Have you ever made a goal and failed to meet it? Of course you have — whether in work or life or both. Everyone has. But some people seem to have an amazing ability to inspire themselves to put sustained effort into meeting goals. These people display a preternatural ability to relentlessly pursue goals and cause positive lasting change. Imagine that you, yourself had this ability. Think of what it could accomplish in your organization and your life.
Welcome to the eighth (and final!) mindset of workplace transformation. This section addresses the source of your energy and your impetus for action. Understanding this is crucial as it provides insight into how to ensure you make and stick to goals — from new projects to New Year’s resolutions — long enough to create lasting change in your life or work.
The problem with motivation
Creating change requires taking consistent action over time. Let’s be clear: most people are terrible at this. A study by the University of Scranton found that just 8% of people achieve their New Year’s goals. Over 9 in 10 people fail. Why?

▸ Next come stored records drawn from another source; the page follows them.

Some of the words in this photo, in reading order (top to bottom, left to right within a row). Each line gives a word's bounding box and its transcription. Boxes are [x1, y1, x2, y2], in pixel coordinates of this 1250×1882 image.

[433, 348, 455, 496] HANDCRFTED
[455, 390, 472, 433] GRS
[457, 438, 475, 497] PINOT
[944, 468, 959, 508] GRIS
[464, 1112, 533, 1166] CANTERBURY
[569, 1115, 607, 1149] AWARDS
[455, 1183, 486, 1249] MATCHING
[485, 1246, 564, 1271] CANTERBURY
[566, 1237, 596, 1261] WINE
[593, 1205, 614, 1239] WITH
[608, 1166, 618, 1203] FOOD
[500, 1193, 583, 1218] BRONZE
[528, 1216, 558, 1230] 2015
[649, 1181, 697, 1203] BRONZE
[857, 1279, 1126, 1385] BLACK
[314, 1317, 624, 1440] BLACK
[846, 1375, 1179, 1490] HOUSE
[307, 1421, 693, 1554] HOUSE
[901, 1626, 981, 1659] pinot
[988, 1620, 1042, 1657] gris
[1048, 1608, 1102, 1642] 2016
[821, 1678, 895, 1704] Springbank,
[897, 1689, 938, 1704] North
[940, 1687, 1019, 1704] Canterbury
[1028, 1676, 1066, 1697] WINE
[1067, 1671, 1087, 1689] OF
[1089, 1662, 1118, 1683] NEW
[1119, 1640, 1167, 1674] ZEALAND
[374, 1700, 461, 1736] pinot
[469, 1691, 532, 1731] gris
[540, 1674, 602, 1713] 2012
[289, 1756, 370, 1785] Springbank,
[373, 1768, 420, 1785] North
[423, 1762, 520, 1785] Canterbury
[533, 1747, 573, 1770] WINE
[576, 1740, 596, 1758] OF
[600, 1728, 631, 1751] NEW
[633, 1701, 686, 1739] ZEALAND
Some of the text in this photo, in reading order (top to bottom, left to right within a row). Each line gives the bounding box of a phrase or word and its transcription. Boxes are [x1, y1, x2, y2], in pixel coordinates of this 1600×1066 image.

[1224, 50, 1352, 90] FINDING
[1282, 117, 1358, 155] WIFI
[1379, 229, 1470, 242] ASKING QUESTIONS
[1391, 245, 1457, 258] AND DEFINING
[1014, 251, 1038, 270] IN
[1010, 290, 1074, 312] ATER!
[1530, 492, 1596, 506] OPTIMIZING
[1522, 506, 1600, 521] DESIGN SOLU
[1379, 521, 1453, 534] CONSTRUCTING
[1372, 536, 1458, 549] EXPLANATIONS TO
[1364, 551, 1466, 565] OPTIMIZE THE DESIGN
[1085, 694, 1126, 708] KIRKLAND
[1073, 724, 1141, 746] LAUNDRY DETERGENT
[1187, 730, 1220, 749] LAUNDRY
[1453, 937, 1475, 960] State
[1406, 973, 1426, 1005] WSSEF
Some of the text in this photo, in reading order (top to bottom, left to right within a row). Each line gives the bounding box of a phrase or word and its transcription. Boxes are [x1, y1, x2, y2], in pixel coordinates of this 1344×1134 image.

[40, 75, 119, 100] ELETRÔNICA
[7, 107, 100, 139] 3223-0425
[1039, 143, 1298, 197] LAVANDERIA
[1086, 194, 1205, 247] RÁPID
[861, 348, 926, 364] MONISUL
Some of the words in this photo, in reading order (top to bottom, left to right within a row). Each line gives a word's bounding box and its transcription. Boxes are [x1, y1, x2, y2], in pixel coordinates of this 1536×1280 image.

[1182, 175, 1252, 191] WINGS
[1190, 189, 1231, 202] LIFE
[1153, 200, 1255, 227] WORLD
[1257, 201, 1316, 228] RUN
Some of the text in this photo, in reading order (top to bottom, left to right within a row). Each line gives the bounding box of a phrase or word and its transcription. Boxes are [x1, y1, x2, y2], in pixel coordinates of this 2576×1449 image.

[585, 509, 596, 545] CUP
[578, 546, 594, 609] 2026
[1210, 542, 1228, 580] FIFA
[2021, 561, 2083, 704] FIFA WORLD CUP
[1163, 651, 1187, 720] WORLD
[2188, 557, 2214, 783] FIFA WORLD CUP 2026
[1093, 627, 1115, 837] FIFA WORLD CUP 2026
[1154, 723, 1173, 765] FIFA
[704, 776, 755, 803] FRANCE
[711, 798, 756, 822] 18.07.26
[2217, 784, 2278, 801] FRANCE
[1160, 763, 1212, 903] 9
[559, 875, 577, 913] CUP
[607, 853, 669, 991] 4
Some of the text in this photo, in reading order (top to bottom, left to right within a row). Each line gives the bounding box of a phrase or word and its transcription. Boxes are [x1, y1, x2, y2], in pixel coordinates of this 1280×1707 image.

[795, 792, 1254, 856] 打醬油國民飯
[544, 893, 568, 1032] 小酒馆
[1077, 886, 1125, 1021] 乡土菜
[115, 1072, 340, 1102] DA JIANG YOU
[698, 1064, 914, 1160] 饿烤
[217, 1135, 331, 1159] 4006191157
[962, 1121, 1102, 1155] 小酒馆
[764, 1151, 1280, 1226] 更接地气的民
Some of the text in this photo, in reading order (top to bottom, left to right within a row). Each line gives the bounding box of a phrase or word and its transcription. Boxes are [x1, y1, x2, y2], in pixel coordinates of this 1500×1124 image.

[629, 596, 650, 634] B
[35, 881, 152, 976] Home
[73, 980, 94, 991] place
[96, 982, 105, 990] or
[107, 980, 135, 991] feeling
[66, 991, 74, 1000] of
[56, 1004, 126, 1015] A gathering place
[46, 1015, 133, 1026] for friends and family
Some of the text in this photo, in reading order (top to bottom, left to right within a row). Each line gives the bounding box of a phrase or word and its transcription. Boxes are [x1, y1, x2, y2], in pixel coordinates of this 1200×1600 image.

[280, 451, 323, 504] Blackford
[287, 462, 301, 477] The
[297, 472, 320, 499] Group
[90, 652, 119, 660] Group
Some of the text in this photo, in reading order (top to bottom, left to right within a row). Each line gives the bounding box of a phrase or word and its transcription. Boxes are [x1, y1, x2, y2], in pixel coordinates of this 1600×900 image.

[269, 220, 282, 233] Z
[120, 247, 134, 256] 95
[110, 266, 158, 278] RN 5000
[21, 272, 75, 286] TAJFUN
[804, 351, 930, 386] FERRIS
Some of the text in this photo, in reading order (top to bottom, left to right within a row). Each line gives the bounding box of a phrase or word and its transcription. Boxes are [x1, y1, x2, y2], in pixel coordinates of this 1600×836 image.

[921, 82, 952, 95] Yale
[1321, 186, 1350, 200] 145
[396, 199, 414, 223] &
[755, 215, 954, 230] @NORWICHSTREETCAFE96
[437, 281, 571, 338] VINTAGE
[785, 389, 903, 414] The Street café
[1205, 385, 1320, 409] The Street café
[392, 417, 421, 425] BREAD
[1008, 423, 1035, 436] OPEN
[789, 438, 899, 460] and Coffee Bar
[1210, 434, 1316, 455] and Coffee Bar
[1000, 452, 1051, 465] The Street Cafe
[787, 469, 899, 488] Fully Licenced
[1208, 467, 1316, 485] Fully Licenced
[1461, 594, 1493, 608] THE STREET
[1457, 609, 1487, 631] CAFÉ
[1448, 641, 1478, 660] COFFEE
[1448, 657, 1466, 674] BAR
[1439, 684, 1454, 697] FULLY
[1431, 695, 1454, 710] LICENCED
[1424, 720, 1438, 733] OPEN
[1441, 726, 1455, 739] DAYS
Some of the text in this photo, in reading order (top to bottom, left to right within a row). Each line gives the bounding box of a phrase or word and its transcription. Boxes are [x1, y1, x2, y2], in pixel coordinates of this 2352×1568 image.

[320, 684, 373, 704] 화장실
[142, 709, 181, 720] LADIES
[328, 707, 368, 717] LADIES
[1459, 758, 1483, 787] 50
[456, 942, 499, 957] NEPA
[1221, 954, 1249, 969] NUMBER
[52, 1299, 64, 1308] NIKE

The skills and mindsets to make goals and create short term change are vastly different from those required to sustain change over long periods of time. Common techniques like declaring goals publicly, outlining concrete plans, and tying in rewards may help some people, but the fact stands: few who make resolutions stick with them. Is it possible there is a different approach?
Absolutely!
Think about the greatest change agents in recent history. Einstein. Mother Theresa. Gandhi. Nelson Mandela. Can you imagine, even for a moment, that their achievements were motivated by a desire to avoid embarrassment or make money? I am not saying that they didn’t ever think of these things — just that this is obviously not what “motivated” these individuals to sacrifice years of their lives to achieve things no one else could have dreamed possible.
So what’s the difference between them and you?
They did not need motivation because they had inspiration.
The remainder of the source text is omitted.